16. CONSEQUENTIAL LOSS

  • 16.1   In no circumstances shall the Company’s liability for consequential losses or otherwise, exceed the invoice value of the goods supplied by the Company. Complaints in respect of alleged faulty goods shall not be a ground for withholding payment for the Buyer of any sum due and payable by him and shall not give any right of set off against payment due from the Buyer to the Company. In the event of a claim against the company in respect of faulty goods, the Company’s liability shall in any event be limited and shall be only in respect of any goods actually defective.
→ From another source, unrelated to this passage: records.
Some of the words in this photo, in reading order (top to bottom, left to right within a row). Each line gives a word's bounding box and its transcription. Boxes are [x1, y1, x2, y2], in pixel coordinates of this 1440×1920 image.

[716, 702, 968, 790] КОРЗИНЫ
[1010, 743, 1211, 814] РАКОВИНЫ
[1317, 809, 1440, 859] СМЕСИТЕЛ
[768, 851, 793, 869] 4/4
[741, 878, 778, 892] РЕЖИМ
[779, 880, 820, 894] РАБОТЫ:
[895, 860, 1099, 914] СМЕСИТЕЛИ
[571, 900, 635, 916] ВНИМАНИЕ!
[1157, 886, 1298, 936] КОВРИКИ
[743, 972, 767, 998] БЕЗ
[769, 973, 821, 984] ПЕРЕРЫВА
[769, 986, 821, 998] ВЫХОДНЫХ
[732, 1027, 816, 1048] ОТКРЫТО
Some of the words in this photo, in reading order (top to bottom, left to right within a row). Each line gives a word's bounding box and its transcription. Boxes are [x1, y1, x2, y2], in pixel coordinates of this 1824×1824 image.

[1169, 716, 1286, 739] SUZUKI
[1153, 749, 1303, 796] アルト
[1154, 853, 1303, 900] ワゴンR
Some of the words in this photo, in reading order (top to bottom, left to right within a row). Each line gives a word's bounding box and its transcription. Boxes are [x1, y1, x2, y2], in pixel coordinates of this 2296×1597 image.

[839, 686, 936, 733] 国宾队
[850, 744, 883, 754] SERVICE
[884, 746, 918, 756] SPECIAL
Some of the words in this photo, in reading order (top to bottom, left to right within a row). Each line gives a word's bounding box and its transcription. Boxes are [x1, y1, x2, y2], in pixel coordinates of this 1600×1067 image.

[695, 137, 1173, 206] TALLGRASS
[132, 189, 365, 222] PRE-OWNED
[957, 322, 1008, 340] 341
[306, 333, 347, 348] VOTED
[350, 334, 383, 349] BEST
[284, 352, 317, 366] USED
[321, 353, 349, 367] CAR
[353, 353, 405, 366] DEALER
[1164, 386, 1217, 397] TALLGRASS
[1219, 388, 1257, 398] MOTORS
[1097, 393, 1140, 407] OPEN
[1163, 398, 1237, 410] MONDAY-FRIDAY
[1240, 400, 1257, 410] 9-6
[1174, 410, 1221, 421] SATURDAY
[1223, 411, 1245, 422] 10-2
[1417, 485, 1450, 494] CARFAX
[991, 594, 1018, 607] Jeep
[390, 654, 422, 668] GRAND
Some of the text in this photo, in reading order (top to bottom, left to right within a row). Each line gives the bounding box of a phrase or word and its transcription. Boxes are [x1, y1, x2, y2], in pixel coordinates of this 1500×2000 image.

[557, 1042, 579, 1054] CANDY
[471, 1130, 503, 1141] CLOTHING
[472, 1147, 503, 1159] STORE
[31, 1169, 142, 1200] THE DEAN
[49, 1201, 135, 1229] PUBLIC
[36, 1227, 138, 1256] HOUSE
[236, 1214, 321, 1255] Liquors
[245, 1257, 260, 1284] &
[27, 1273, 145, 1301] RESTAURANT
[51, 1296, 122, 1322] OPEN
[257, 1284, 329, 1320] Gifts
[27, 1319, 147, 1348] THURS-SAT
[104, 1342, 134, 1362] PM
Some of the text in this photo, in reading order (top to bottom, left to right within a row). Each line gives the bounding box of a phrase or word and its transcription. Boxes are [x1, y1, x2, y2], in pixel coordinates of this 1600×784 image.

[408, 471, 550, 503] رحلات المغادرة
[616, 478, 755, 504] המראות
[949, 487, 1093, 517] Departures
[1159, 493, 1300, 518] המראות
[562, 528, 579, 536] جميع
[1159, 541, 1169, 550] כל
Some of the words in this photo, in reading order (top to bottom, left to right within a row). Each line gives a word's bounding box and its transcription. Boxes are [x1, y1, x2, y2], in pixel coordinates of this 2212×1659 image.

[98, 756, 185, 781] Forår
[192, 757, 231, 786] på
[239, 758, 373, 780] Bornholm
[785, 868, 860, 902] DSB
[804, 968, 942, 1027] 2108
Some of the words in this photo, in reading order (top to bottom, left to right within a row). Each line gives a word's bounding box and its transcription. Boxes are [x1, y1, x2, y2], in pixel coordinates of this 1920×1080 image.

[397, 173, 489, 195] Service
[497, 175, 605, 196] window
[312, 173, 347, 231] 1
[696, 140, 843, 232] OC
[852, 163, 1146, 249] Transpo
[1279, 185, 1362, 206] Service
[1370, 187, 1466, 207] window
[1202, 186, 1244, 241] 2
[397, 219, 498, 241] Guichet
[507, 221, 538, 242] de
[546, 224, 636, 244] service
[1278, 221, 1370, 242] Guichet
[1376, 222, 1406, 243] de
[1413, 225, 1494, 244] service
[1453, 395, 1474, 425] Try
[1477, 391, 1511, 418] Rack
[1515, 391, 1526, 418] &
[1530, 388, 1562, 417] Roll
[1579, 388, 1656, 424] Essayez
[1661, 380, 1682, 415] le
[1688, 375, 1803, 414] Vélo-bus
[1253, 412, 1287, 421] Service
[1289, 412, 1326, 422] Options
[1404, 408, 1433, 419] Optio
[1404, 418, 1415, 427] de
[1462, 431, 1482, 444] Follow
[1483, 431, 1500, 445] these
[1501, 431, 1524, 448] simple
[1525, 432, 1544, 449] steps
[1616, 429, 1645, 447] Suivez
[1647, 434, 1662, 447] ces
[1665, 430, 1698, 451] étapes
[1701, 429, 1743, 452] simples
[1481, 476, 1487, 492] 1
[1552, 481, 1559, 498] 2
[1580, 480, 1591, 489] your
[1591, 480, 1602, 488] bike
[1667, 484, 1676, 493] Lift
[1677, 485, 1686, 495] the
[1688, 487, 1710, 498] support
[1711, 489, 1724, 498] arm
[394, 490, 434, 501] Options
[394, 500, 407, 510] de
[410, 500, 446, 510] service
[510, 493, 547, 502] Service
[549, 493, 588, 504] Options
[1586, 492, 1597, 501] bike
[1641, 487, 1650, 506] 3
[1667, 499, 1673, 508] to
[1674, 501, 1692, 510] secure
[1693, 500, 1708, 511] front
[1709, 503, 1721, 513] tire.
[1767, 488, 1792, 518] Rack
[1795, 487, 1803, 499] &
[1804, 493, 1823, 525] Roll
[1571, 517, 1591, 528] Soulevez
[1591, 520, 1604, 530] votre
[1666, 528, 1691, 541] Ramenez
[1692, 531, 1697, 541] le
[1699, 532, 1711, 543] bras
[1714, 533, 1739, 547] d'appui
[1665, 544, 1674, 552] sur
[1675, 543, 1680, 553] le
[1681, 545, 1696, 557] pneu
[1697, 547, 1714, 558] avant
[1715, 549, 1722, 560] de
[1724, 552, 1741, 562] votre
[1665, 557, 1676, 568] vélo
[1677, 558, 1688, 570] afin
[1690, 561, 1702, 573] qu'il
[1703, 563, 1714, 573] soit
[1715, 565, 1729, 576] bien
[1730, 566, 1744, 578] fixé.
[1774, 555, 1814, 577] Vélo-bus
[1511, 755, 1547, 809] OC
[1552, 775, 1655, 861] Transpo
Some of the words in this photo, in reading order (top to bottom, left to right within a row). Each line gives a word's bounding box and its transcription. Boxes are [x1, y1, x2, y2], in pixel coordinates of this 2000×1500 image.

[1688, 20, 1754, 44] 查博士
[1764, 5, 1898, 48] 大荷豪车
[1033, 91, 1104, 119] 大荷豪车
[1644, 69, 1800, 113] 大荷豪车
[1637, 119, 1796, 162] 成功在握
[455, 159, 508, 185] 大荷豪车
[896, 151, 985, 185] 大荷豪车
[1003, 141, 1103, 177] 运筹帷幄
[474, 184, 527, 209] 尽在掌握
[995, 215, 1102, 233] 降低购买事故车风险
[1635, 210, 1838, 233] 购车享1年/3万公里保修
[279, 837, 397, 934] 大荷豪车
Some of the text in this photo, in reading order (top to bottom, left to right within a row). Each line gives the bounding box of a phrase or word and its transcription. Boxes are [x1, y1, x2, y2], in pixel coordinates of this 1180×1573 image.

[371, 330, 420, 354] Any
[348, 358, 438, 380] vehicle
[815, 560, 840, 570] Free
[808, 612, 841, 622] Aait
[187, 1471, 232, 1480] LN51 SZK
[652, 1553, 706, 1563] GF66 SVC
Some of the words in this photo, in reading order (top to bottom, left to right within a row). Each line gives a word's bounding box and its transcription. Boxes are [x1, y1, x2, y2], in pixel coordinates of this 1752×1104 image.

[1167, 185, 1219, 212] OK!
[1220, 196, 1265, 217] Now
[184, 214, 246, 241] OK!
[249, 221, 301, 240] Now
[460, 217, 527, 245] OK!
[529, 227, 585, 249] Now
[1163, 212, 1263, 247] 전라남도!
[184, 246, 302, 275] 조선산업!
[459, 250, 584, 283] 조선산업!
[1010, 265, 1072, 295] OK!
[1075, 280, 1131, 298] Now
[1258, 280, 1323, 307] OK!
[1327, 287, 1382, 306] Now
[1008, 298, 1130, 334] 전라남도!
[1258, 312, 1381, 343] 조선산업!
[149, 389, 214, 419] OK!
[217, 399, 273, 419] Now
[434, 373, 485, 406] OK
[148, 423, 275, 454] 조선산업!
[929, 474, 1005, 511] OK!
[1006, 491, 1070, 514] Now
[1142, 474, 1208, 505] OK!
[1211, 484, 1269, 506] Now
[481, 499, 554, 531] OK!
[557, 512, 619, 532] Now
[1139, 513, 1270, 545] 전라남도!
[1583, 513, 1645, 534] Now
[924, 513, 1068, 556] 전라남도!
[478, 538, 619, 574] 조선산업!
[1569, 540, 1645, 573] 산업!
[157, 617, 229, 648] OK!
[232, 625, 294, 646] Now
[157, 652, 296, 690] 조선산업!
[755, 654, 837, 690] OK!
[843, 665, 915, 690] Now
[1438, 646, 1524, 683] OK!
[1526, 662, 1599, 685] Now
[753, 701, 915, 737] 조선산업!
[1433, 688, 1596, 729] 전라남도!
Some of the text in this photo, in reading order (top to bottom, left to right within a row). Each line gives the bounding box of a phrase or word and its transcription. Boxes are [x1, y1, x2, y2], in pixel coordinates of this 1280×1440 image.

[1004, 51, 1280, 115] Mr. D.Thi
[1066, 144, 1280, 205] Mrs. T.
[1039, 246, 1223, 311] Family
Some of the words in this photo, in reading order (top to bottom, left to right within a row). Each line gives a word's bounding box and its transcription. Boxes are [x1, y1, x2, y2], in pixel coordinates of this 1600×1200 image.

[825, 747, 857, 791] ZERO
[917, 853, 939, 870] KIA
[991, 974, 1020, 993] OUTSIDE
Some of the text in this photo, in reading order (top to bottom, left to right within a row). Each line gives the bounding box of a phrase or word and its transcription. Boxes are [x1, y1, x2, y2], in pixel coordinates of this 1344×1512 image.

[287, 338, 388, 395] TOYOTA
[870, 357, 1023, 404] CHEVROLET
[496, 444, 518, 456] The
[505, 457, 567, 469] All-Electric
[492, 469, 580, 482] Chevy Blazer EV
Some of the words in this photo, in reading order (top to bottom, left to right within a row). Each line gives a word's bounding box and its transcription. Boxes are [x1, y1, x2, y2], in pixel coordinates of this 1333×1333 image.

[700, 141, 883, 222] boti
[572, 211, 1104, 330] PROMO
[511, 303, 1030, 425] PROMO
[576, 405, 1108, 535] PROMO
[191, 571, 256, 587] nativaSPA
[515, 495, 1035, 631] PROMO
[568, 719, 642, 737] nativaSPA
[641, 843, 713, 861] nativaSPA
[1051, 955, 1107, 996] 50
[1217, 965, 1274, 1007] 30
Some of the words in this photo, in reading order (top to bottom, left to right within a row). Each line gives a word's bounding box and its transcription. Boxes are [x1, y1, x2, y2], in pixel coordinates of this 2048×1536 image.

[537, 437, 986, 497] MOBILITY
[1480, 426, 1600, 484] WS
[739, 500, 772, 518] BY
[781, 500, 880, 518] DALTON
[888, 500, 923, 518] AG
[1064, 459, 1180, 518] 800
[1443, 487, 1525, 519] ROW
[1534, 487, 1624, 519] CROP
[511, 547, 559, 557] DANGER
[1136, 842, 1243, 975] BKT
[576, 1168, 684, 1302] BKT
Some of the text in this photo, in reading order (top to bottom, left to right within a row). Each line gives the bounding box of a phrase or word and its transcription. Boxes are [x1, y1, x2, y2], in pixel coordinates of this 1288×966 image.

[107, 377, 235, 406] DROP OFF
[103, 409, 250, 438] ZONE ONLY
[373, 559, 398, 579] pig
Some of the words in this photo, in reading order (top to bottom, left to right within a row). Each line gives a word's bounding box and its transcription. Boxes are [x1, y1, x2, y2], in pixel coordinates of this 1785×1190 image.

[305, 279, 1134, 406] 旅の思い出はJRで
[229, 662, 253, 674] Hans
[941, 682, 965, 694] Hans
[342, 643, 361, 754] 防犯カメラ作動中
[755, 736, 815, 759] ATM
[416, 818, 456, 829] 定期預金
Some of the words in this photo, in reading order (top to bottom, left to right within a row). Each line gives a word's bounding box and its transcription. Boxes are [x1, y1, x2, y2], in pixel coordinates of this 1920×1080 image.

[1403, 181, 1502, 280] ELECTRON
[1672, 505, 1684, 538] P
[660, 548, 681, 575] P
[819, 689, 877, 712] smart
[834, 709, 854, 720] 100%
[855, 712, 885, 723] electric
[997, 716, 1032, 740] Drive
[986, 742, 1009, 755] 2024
No complaint as to the quality of the goods supplied can be considered unless made within thirty days or receipt of goods and accompanied by the control label attached to the goods in question.

17. PURCHASE TAX/VAT

  • 17.1   In the event of the ruling by Customs and Excise commissioners that goods forming part of this contract after the contract has been placed or after the goods have been delivered are subject to purchase tax the Company reserves the right to charge the Buyer with the purchase tax which becomes payable by subsequent invoice and the Buyer shall pay such purchase tax to the Company within seven days of written notification.

18. SAMPLES

  • 18.1   Where the goods are sold by the Company with reference to a sample the Company shall take all steps deemed necessary (by the Company) to procure compliance with the sample but shall not be responsible to the Buyer for any difference which may arise for any reason between the sample and the goods, the subject of the Contract of Sale.

19. DISPUTES

  • 19.1   The Buyer shall by written notice within fourteen days of delivery of the said goods particularise to the Company any marked material variation in the said goods from the specification contained in the Company’s acknowledgement or order form by virtue whereof the Buyer wishes to reject the delivery of the said goods in whole or in part in default of such notification within the aforesaid period of fourteen days, the Buyer shall be deemed to have accepted the goods. If he intimates that he rejects the said goods and such rejection shall afterwards become ineffectual by reason of the Buyer dealing with the said as owner or by reason of any other conduct on the part of the Buyer inconsistent with such rejection the Buyer shall be bound to pay the purchase money therefore in full and shall have no claim to damages or compensation by reason of any disconformity of the said goods with the contract.

20. QUALITY

  • 20.1   Quality can vary, typically in areas such as opacity of polythene; print colour shade, colour of substate; weld type, handle type and colour etc. These aspects shall be deemed to be made within manufacturing tolerance if made within + or – 10% of order specification.

21. ORDERS CONTRACT

  • 21.1   Goods are made to the specifications of written orders and are only varied by our order acknowledgement. The above supersedes any samples or representatives made by our agents.